La communauté internationale au chevet du Yémen

Le Yémen est au centre d'une conférence internationale ce jeudi 7 mars 2013 à Londres. Une quarantaine de pays participants tenteront d'aider ce pays de la péninsule arabique à mener sa transition politique. Un an après le départ du président Saleh, chassé par des jeunes révolutionnaires, l'instabilité demeure.

C’est la cinquième réunion du genre, intitulée « Les Amis du Yémen ». L’objectif, selon la Grande-Bretagne qui accueille ce sommet, est triple : progresser sur le dialogue national qui doit s’ouvrir le 18 mars prochain dans le pays, préparer les élections présidentielle et législatives de 2014, et inscrire dans les faits les 7,8 millards de dollars de dons promis en septembre 2012 par les Amis du Yémen.

Le Yémen, qui a vécu en 2011 une révolution comme de nombreux pays arabes, mène une difficile transition politique. Le président Abd Rabbo Mansour Hadi, qui a succédé à Ali Abdallah Saleh, contraint au départ après 33 ans de règne, a de nombreux défis à surmonter.

L’ex-régime est encore très présent, notamment dans les rangs de l’armée. La situation économique est déplorable et le gouvernement est très contesté, que ce soit par des mouvements locaux ou par des groupes armés liés à al-Qaïda.

La présence d’al-Qaïda au Yémen

Si la communauté internationale s’intéresse tant au Yémen, c’est que ce pays est stratégique. Le détroit de Bab el-Mandeb, au Sud, mène au canal de Suez, lieu de trafic important. Et la présence du réseau terroriste al-Qaïda inquiète les pays occidentaux.

« Le Yémen est confronté depuis 2009 à al-Qaïda dans la péninsule arabique (Aqpa), nouveau mouvement issu de l’union entre des combattants yéménites et saoudiens, explique Franck Mermier, directeur de recherche au CNRS, même si le mouvement existait bien avant, sous une autre forme. »

En 2011, à la faveur de la révolution yéménite et de l’affaiblissement du pouvoir central, al-Qaïda s’est emparé d’une partie d’une province du sud du pays. Les autorités yéménites ont repris le dessus grâce à l’appui des Américains et de leurs drones.

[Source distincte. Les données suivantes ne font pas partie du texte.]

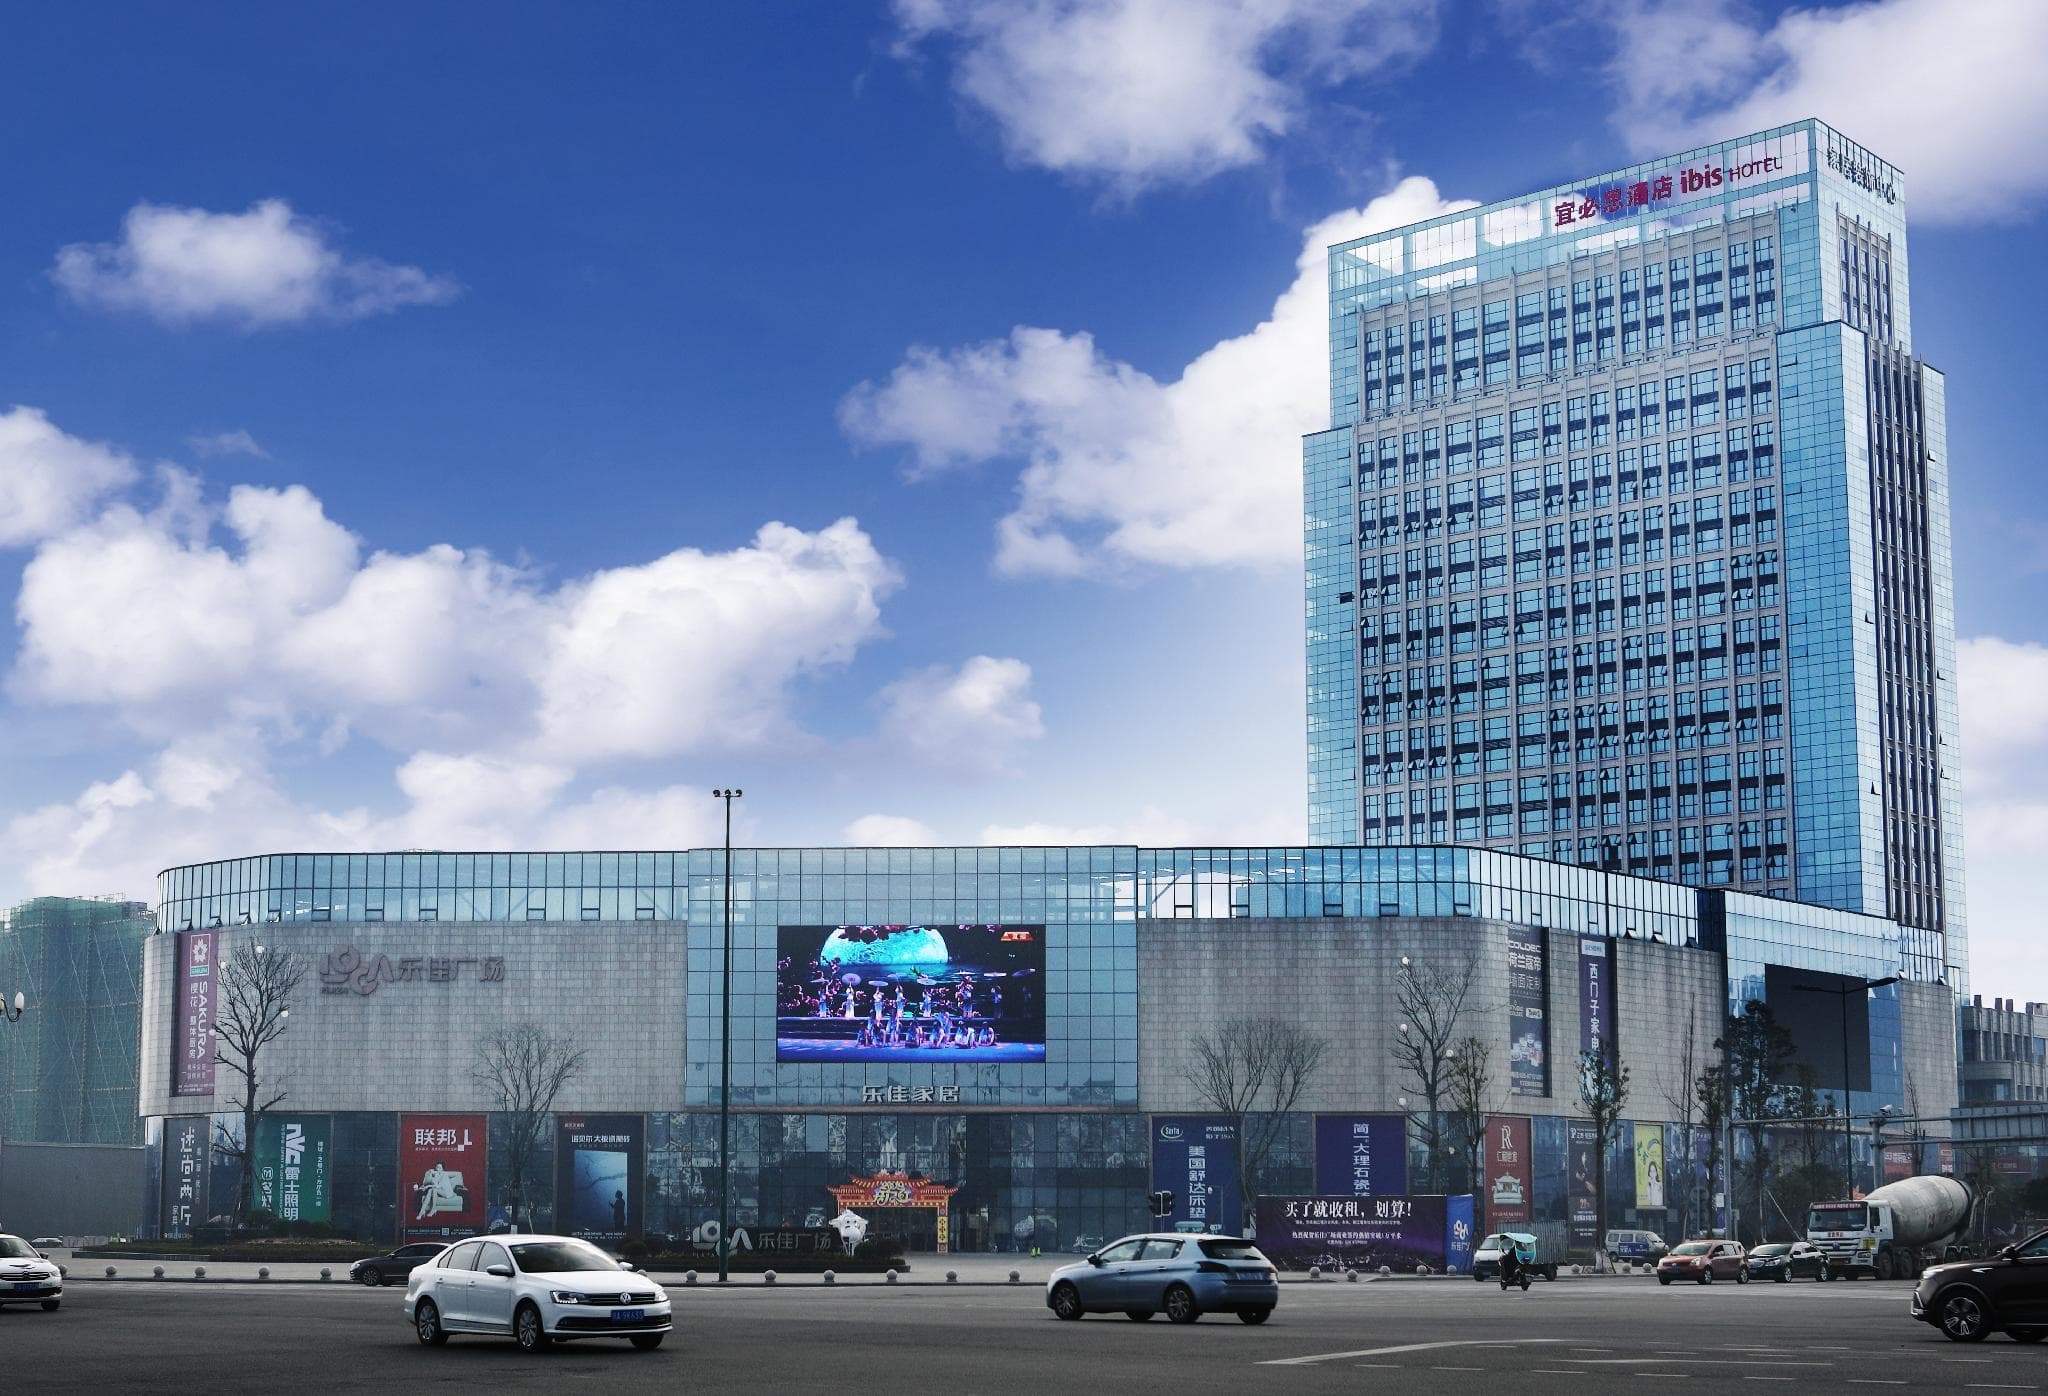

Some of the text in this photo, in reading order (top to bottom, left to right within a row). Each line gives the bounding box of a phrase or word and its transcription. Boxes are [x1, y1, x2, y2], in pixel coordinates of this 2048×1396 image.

[1681, 157, 1783, 194] ibis HOTEL
[1555, 175, 1672, 227] 宜必思酒店
[399, 955, 505, 983] 乐佳广场
[197, 981, 208, 1059] SAKURA
[1588, 963, 1600, 1051] 西门子家电
[862, 1085, 961, 1103] 乐佳家居
[414, 1128, 457, 1145] 联邦
[284, 1167, 300, 1220] 雷士照明
[1188, 1146, 1206, 1219] 美国舒达床垫
[758, 1232, 832, 1250] 乐佳广场

Mais les attentats continuent : attaques contre les forces de l’ordre, contre des oléoducs, enlèvements d’étrangers. « Al-Qaïda au Yémen s’en prend surtout aux forces de l’ordre, et pas à la population civile yéménite », note Laurent Bonnefoy, chercheur au Centre d’études et de recherches internationales (CERI).

La présence et la force de frappe d’Aqpa sont par ailleurs difficiles à évaluer. Selon Marine Poirier, enseignante à Sciences-Po Aix, elles sont peut-être exagérées par les autorités yéménites. « La lutte anti-terroriste permet de cristalliser l’attention sur le pays et de drainer des dons importants », analyse-t-elle.

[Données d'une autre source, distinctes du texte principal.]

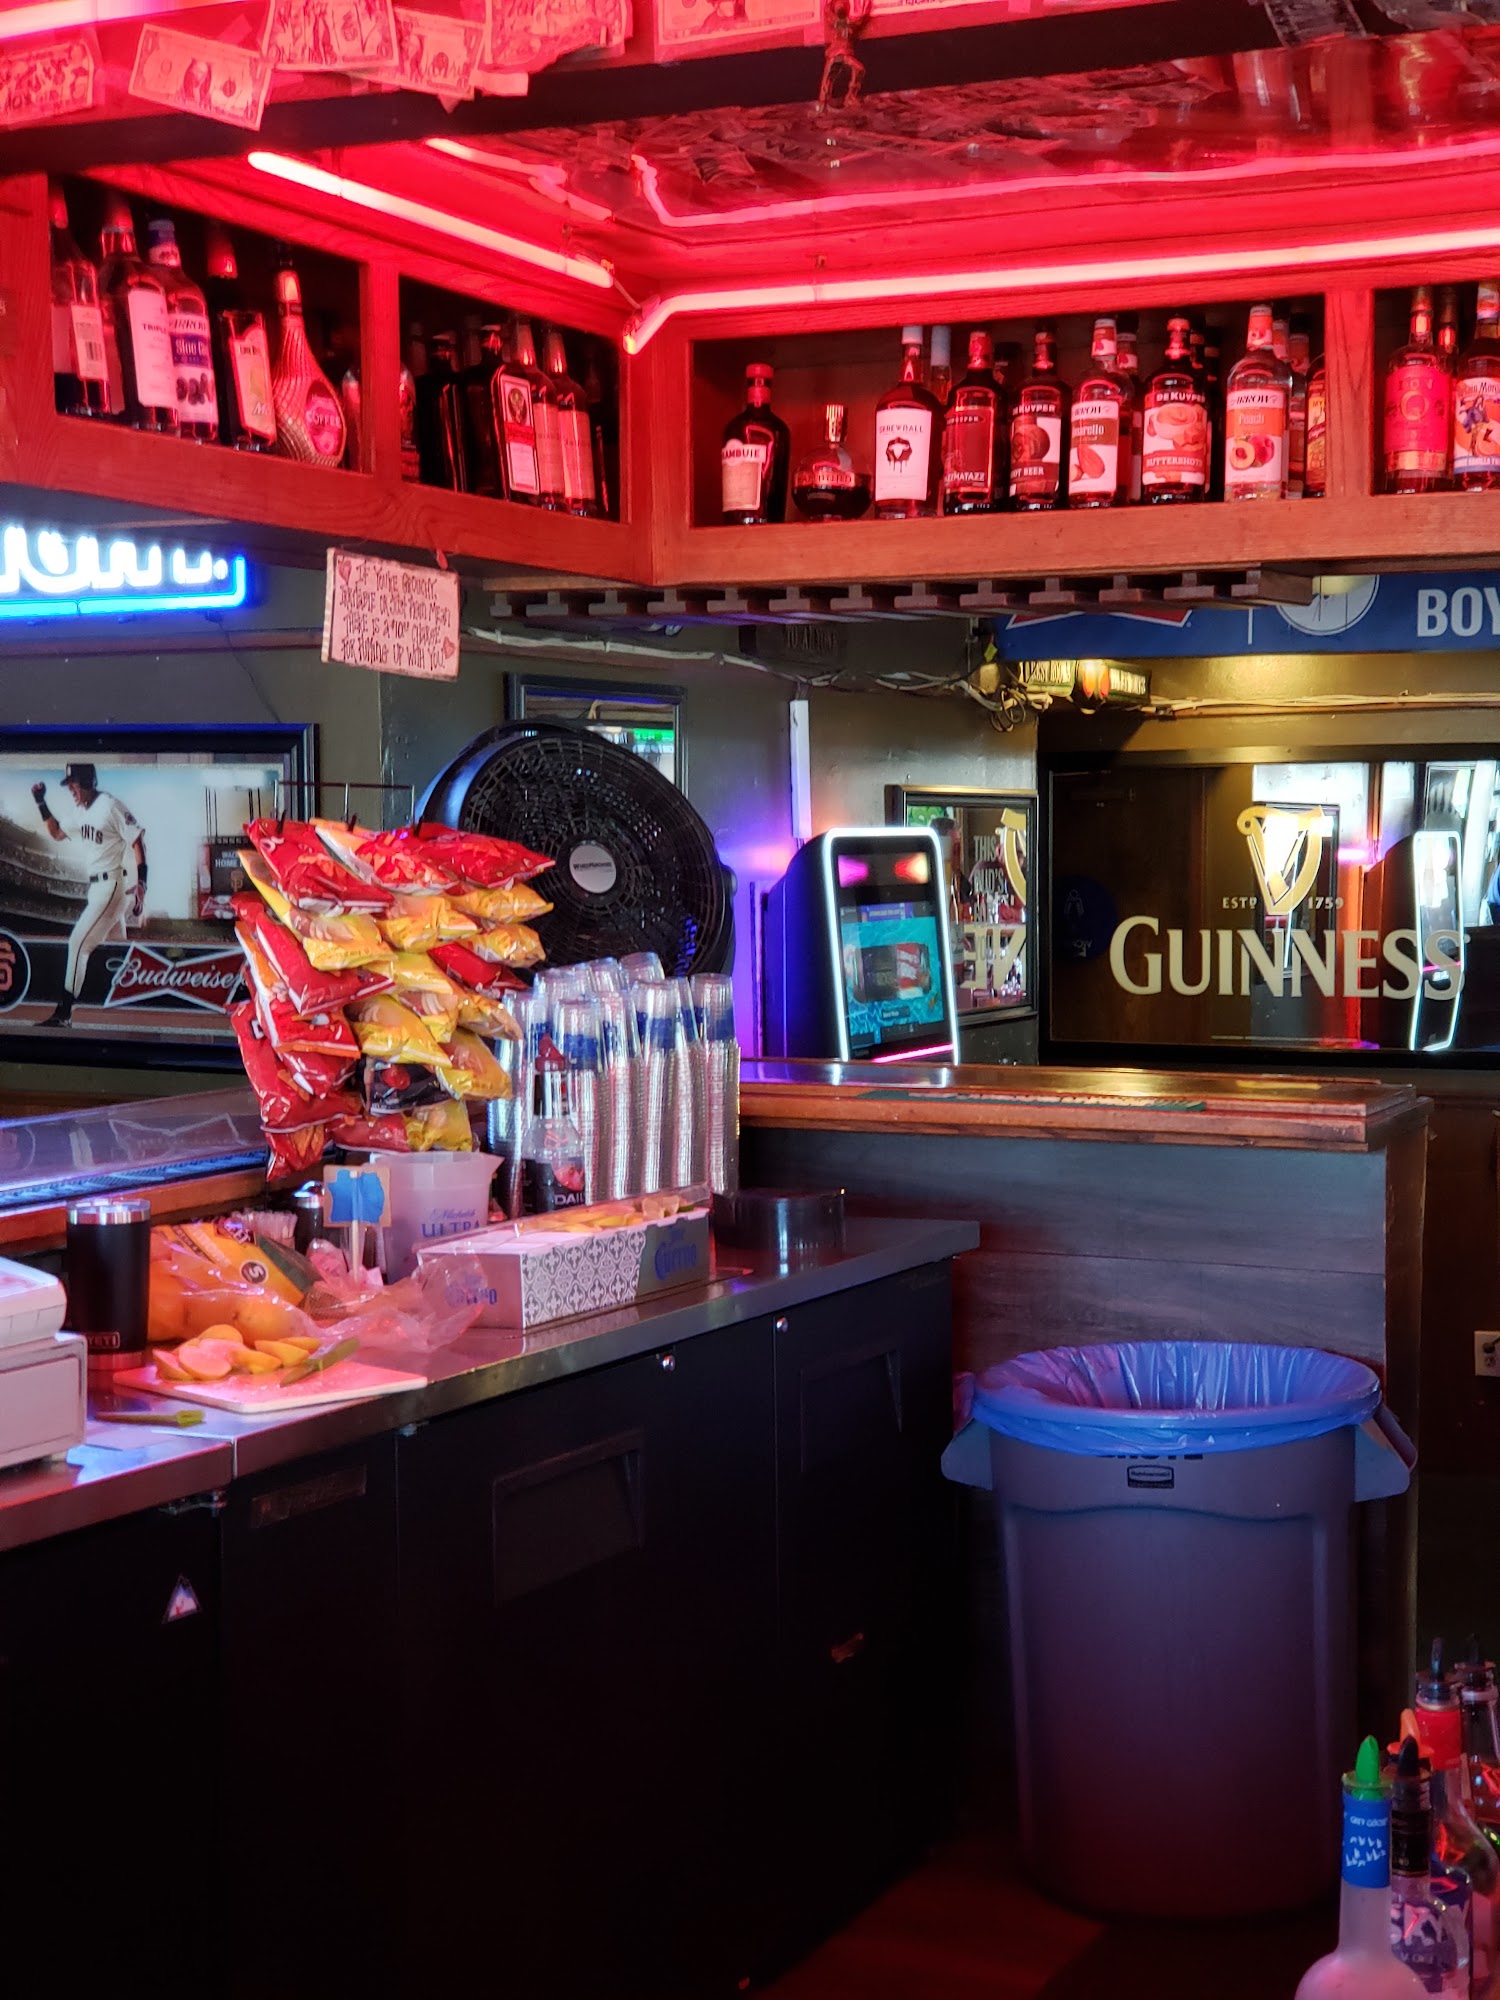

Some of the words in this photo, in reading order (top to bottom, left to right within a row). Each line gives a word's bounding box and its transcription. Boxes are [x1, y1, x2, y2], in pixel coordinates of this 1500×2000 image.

[973, 834, 997, 862] THIS
[1307, 896, 1344, 910] 1759
[1110, 915, 1466, 1001] GUINNESS
[106, 957, 247, 990] Budweiser
[421, 1219, 480, 1239] ULTRA

Des mouvements de contestation au Nord et au Sud

Le Yémen est par ailleurs agité par des mouvements de contestation locaux. Au Nord, les rebelles zaïdites, des chiites, mènent des actions depuis 2004 contre les forces de l’ordre, estimant être marginalisés sur le plan politique, social et religieux.

Au Sud, des mouvements autonomistes ont émergé depuis 2007. La frange la plus radicale réclame l’indépendance dans ce pays, qui était jusqu’en 1990 séparé en deux : Yémen-Nord et Yémen-Sud. Des manifestations ont eu lieu récemment, réprimées dans la violence par les forces de l’ordre.

Un dialogue national doit s’ouvrir le 18 mars prochain pour tenter de régler ces questions mais une partie des leaders des mouvements sudistes ont refusé d’y participer. « Soit on s’oriente vers la guerre civile, soit on règle le problème en proposant une forme de fédéralisme », résume Franck Mermier.

Que reste-t-il de la révolution de 2011 ?

Les mouvements de contestation locaux ont rejoint, un moment, les révolutionnaires de 2011. Ces derniers ont réussi à chasser du pouvoir le président Ali Abdallah Saleh, qui a régné durant 33 ans sur le pays. Un départ toutefois négocié, par l’intermédiaire des pays du Golfe, et à l’issue duquel il a pu obtenir une immunité judiciaire.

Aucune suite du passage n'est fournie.